A partir de agosto, Abelardo de la Espriella asumirá la Presidencia de Colombia con una promesa central: restablecer la alianza estratégica con Estados Unidos. El desafío será mayúsculo en un país donde el narcotráfico, el terrorismo y el crimen organizado han ganado espacio, sobre todo en el eje fronterizo colombo-venezolano.
Washington exigirá resultados verificables sobre el terreno
Reconstruir esa relación no dependerá solo de una visita a la Casa Blanca.

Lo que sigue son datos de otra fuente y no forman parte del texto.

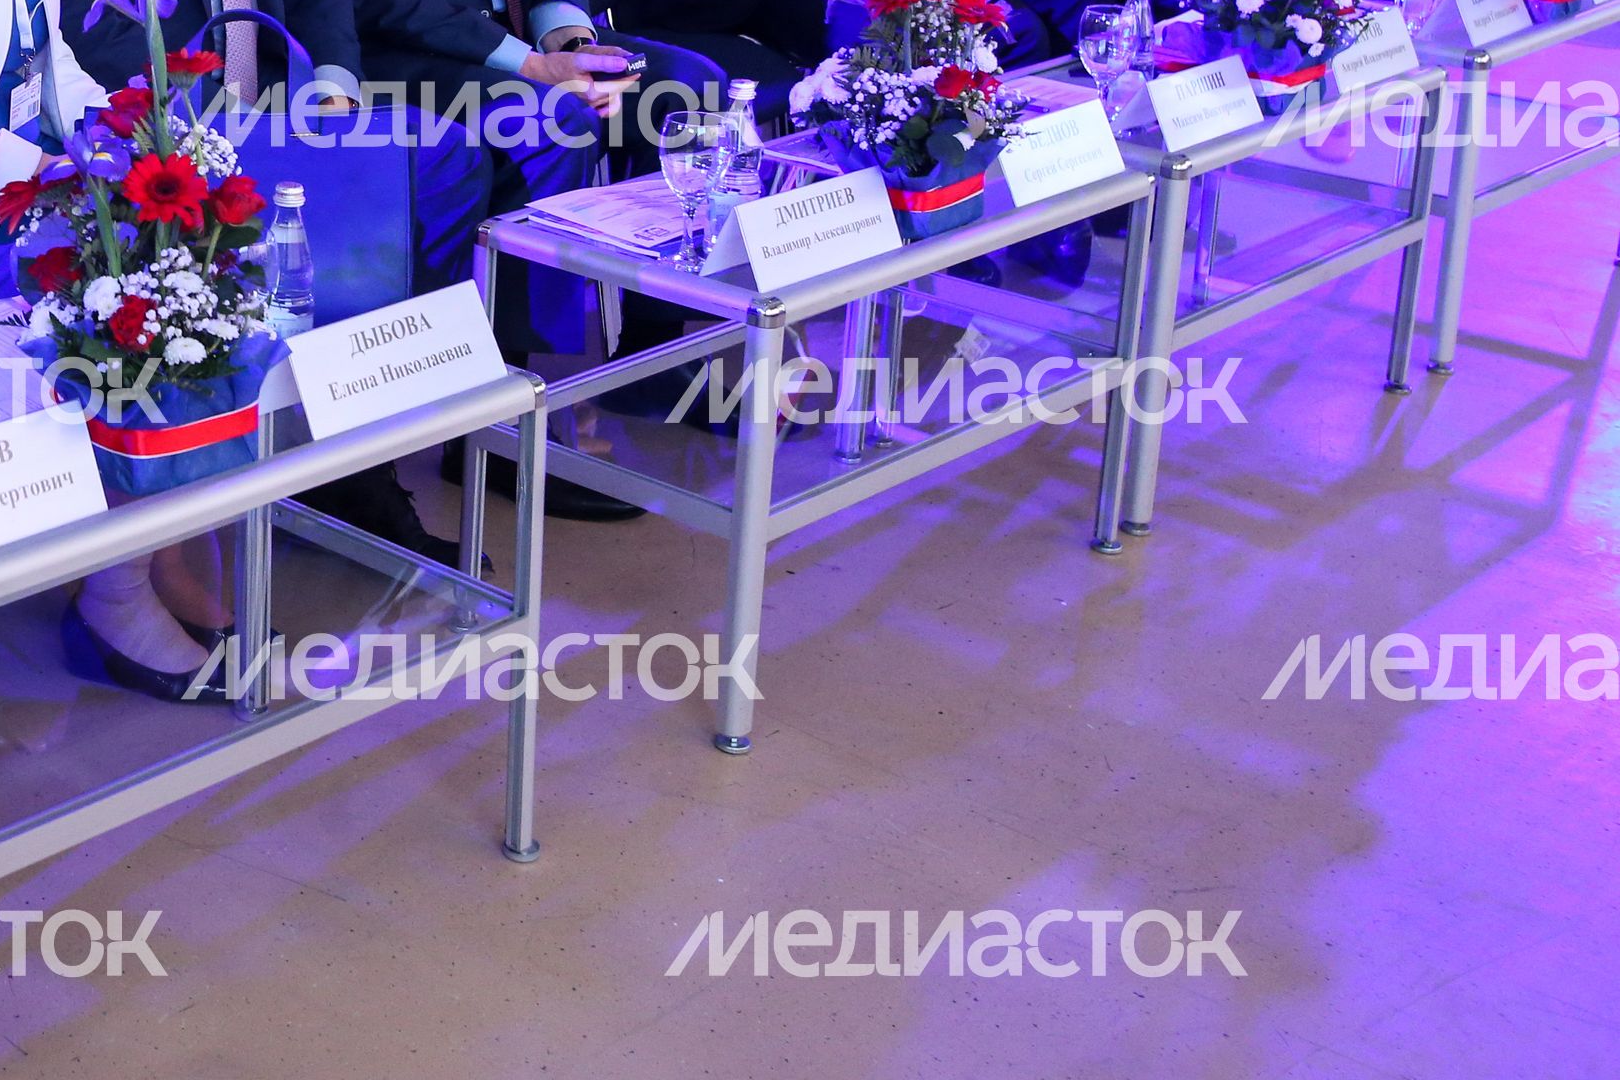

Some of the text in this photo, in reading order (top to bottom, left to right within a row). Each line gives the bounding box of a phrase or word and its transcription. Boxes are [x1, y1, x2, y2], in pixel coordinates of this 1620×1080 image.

[774, 186, 856, 229] ДМИТРИЕВ
[761, 214, 883, 260] Владимир Александрович
[348, 311, 433, 358] ДЫБОВА
[328, 342, 473, 402] Елена Николаевна

Según la lógica que plantea el nuevo gobierno, Washington medirá los avances por la capacidad de recuperar el control efectivo del territorio y de mostrar resultados concretos contra las organizaciones criminales que amenazan la seguridad regional.

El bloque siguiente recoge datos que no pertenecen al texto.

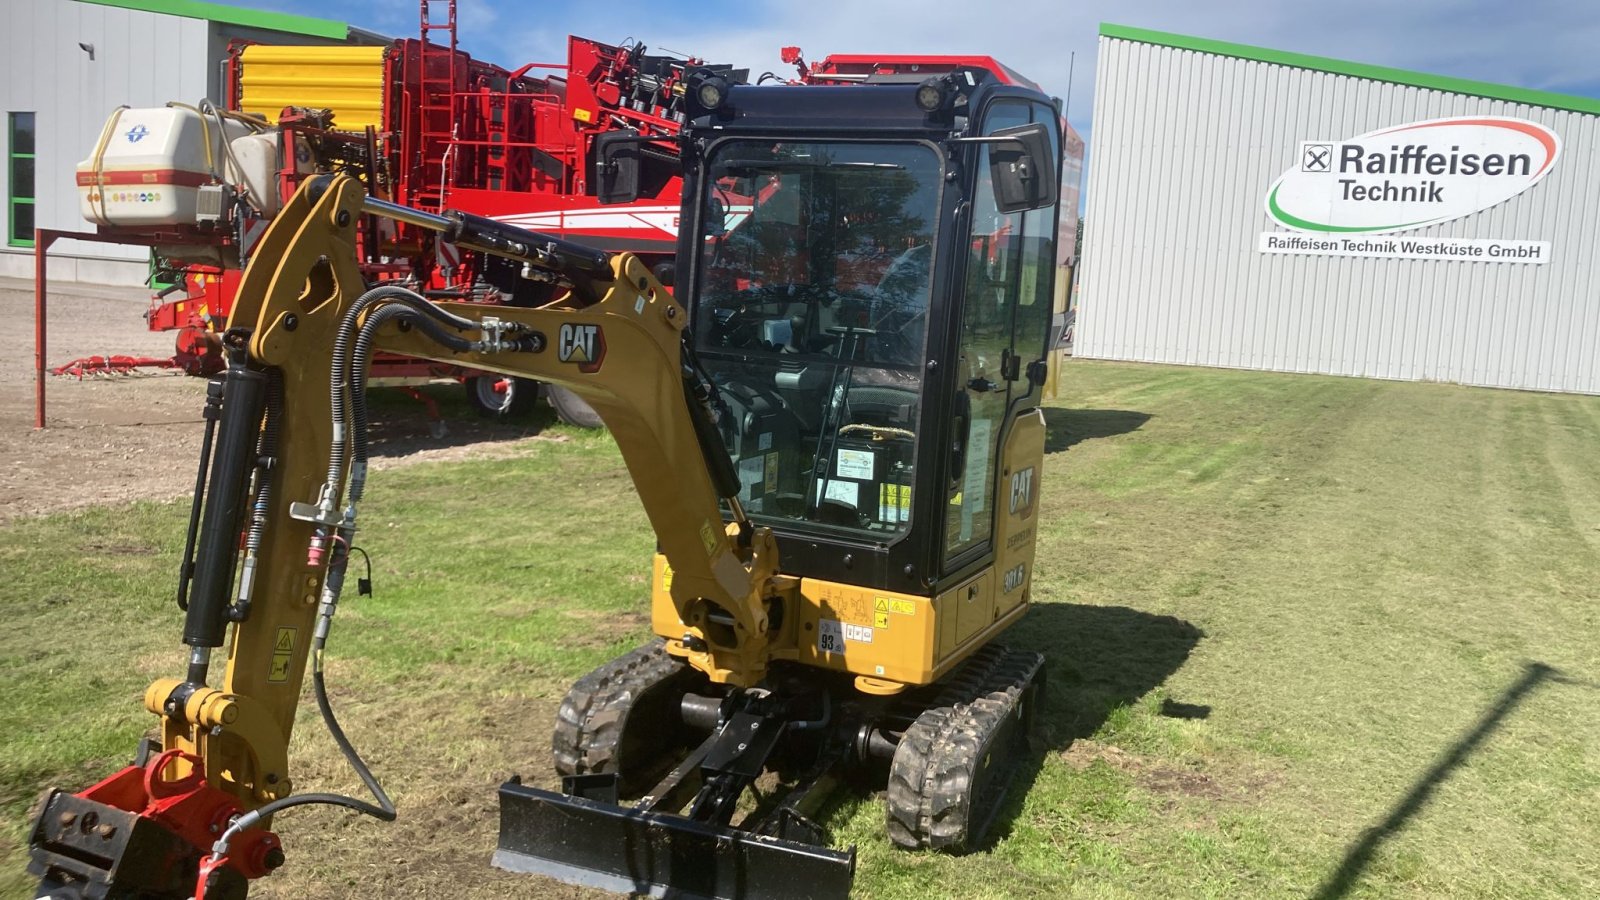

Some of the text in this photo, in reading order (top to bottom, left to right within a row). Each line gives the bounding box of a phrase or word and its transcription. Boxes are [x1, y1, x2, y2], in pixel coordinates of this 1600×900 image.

[1339, 144, 1531, 176] Raiffeisen
[1338, 179, 1444, 203] Technik
[1268, 236, 1541, 258] Raiffeisen Technik Westküste GmbH
[560, 324, 597, 362] CAT
[1010, 467, 1034, 514] CAT
[821, 634, 834, 650] 93

Uno de los principales retos será revertir el debilitamiento operacional de las Fuerzas Armadas registrado durante la administración Petro, reflejado en menos operaciones ofensivas, menor capacidad de disuasión en varias regiones y una expansión territorial de grupos armados ilegales.
La magnitud del problema se expresa, además, en 376 municipios donde el Estado ya no es capaz de imponer su autoridad.

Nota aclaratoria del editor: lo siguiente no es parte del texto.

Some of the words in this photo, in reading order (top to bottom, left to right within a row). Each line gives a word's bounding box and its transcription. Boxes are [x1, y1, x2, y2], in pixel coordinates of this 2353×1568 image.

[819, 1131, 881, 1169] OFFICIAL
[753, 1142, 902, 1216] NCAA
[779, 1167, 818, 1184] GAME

La propuesta apunta a un Plan Colombia 2.0
El nuevo gobierno reincorporará herramientas militares que habían quedado descartadas, entre ellas los bombardeos contra campamentos de organizaciones armadas. Pero reducir la estrategia de seguridad a esa discusión, advierte el planteamiento, sería un error: ninguna acción aislada sustituirá una política integral de recuperación del Estado.
La apuesta de fondo es impulsar un Plan Colombia 2.0, no como una reedición literal del programa que hace un cuarto de siglo debilitó a las FARC y fortaleció las instituciones, sino como una estrategia adaptada a las amenazas actuales.
Ese plan debería reconstruir la cooperación de inteligencia con Estados Unidos; modernizar las Fuerzas Armadas con nuevo equipamiento militar, vigilancia satelital, inteligencia artificial y guerra electrónica; fortalecer las Fuerzas Especiales y la movilidad aérea; atacar las finanzas del narcotráfico y del crimen organizado; y recuperar la capacidad ofensiva del Estado frente a las organizaciones ilegales.
La diferencia con el Plan Colombia original, añade el texto, es que hoy el principal desafío ya no está solo dentro del territorio nacional. El narcotráfico, el terrorismo, la minería ilegal, el contrabando y el lavado de activos operan como un ecosistema criminal transnacional con uno de sus principales centros de gravedad en el eje colombo-venezolano.
Mientras esas estructuras mantengan refugios relativamente seguros y corredores logísticos, cualquier éxito militar dentro de Colombia tendrá un alcance limitado. Por eso, la respuesta requerirá una cooperación más sofisticada con Estados Unidos en inteligencia, vigilancia tecnológica, control financiero y persecución de redes criminales transnacionales.
La apuesta final es convertir la reconstrucción de las Fuerzas Armadas y de la cooperación con Washington en una política de Estado. Si eso ocurre, Colombia no solo reforzaría su seguridad interna: también buscaría recuperar el papel de aliado estratégico indispensable en la defensa de la estabilidad hemisférica.